De même concernant le club turc de Basaksehir, dont Erdogan est très proche : si ce dernier a été très gêné par ce qui s’est passé mardi au Parc des Princes, il l’est beaucoup moins quand il s’agit d’aller aider l’Azerbadjan dans le Haut-Karabakh dans le conflit qui l’oppose à l’Arménie. Pour ne citer que cela.

Griezmann a lui aussi voulu y aller de son symbole dans la semaine en rompant son partenariat avec Huawei, soupçonné d’utiliser la reconnaissance faciale pour surveiller les Ouïgours. Très beau geste qui ne peut qu’être salué. Cependant, il y en aurait tellement d’autres à faire pour que l’on puisse réellement parler d’éthique dans le foot, en ce qui concerne notamment les équipementiers tels que Nike ou Adidas dont les fabrications négligent bien trop souvent les travailleurs et plus globalement les droits de l’Homme, la productivité étant le maître-mot.

L’éthique dont font preuve certains footballeurs sur certains sujets est donc un exemple mais cela mériterait d’être beaucoup plus largement étendu pour que celle-ci soit réelle. Comme souvent, l’argent reste le nerf de la guerre, et pour ses beaux yeux on se fout un peu du reste finalement. Ce n’est pas la LFP qui vous dira le contraire concernant ses droits télés…

Non ne revient pas…

…Prend tes affaires et rentre chez toi ! Voilà ce qu’on a envie de dire à Mediapro après son fiasco. On a aussi envie de le dire à tous ceux mêlés de près ou de loin à cette histoire, qui ont cru bon de signer un contrat certes mirobolant, mais sans aucune garantie. Téléfoot c’est donc terminé, et nos pensées vont bien entendu à tous les professionnels, qui eux faisaient leur travail de la meilleure des façons et qui vont désormais se retrouver sur le marché de l’emploi.
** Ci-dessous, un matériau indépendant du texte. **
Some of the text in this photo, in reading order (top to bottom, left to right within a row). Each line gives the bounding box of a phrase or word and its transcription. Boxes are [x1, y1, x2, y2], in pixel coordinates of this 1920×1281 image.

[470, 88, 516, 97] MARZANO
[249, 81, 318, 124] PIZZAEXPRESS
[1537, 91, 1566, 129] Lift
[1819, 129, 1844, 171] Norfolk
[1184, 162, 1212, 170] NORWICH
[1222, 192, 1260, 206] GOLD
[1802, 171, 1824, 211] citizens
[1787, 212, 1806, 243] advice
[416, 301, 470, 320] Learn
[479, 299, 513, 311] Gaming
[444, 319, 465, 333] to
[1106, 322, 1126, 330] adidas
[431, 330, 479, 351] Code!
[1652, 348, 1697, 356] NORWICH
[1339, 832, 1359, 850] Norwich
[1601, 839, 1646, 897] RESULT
La Ligue de Football Professionnel, aveuglée par l’argent, croyait pourtant avoir signé un contrat « historique » permettant au football  français de basculer dans une nouvelle ère. C’est réussi, la crise du COVID ajoutée à celle que crée le retrait de Mediapro, et voilà que le football, et ses milliers de salariés basculent dans l’ère de l’incertitude et de l’angoisse.
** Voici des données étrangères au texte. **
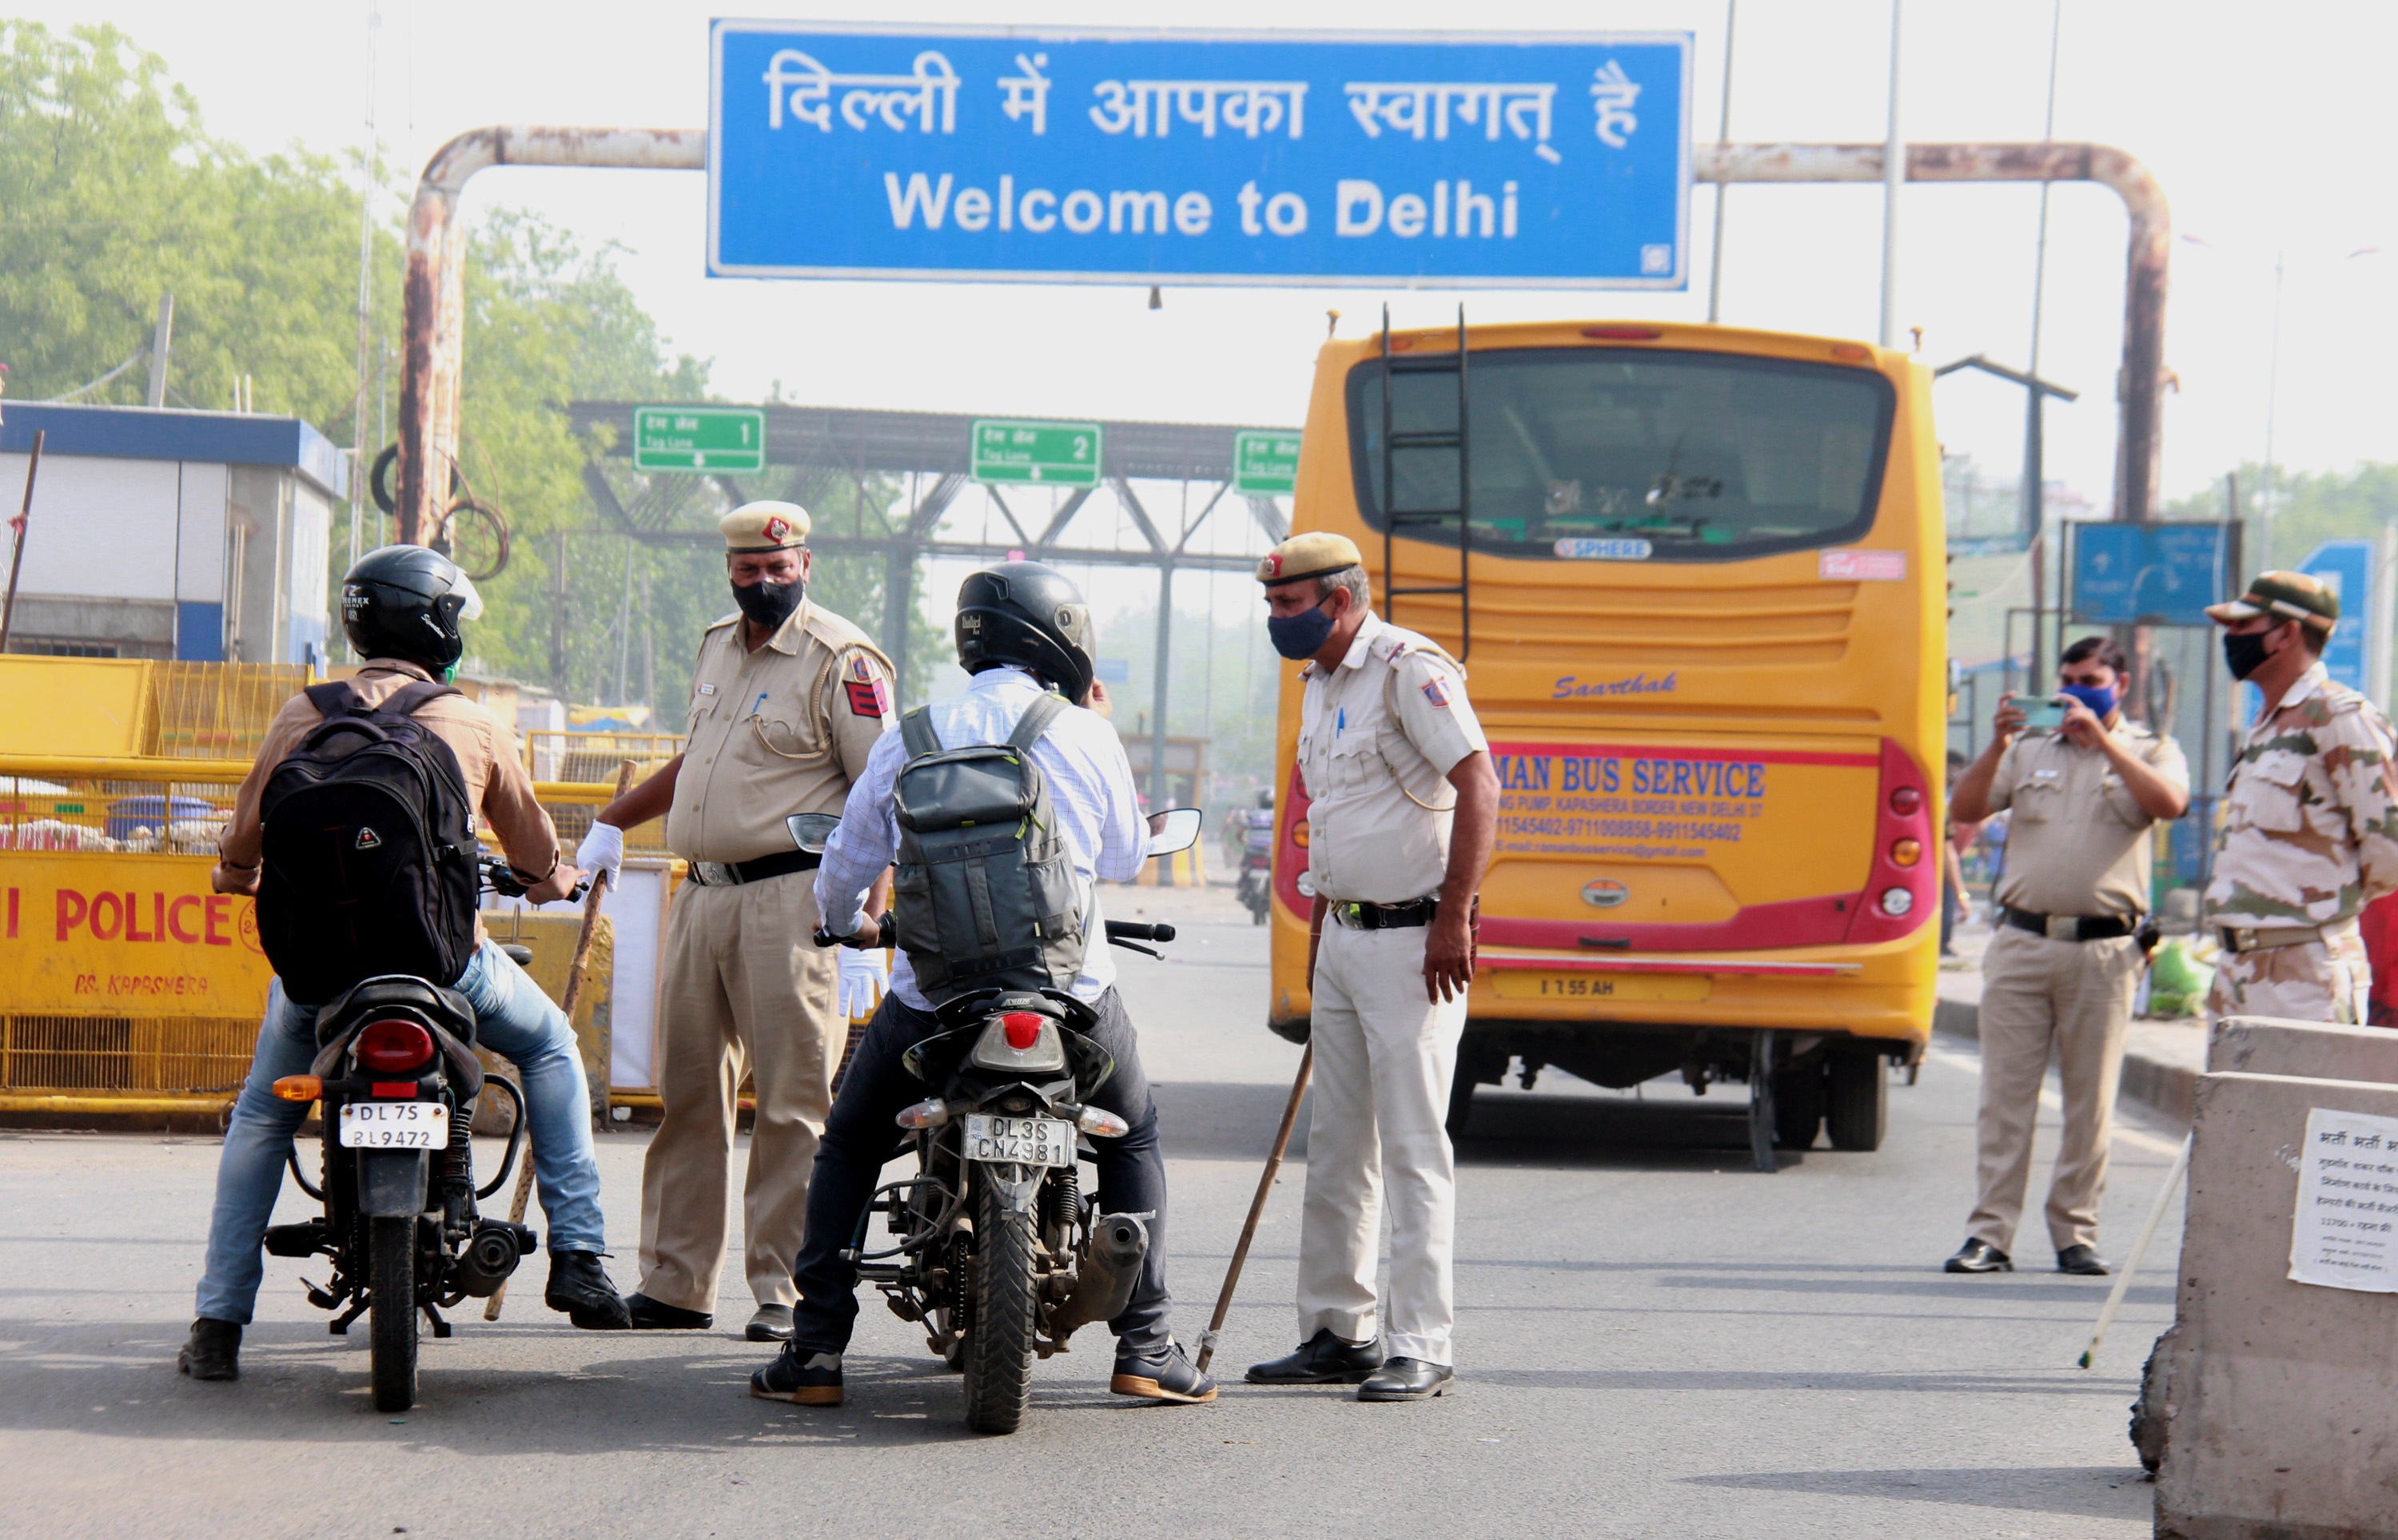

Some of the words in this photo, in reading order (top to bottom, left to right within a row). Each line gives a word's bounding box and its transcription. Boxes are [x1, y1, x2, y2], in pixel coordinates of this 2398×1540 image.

[762, 48, 962, 133] दिल्ली
[997, 53, 1051, 135] में
[1088, 78, 1309, 138] आपका
[1589, 58, 1643, 149] है
[883, 170, 1213, 237] Welcome
[1240, 180, 1309, 238] to
[1335, 178, 1520, 240] Delhi
[740, 421, 750, 446] 1
[1073, 436, 1089, 460] 2
[1574, 540, 1646, 557] SPHERE
[1552, 671, 1677, 698] Saarthak
[1561, 757, 1620, 793] BUS
[1632, 760, 1766, 798] SERVICE
[56, 889, 232, 945] POLICE
Comme on le rappelait il y a deux mois, le football est finalement victime de son système, un système d’ultra-dépendance à des ressources telles que les droits télévisuels pourtant incertaines, très incertaines même si l’on regarde l’année 2020. De ce sujet encore, des symboles sont à sortir : dès le mois de Mars les Ultras que l’on veut trop souvent sortir du paysage footbalistique, avertissaient sur le système trop dangereux et inégalitaire dans lequel le football végète depuis de nombreuses années, en appelant également à une refonte de celui-ci. Quelques mois plus tard, comment ne pas leur donner raison quand l’on voit que c’est ce même système qui risquent de pousser plusieurs clubs de l’hexagone, pour certains historiques, vers la faillite ? Quand l’on vous parlait d’éthique, l’affaire Mediapro n’y déroge pas, puisque cette (très) mauvaise gestion risque de conduire pas mal de professionnels vers Pôle Emploi. Pas bien morale tout ça.

Cette semaine de décembre n’avait donc rien d’ordinaire pour notre football. D’abord, une réponse forte a (enfin) été apportée contre le racisme qui gangrène notre sport et la société en général, puis le système sur lequel repose notre sport nous a montré ses faiblesses encourageant alors, tous ceux qui aiment le ballon, à une refonte beaucoup plus égalitaire et éthique. On se met donc à rêver d’un football sans racisme, doté d’un système écartant au maximum le business, accessible à tous et dont l’éthique serait au centre des débats. Parce que c’est notre projet.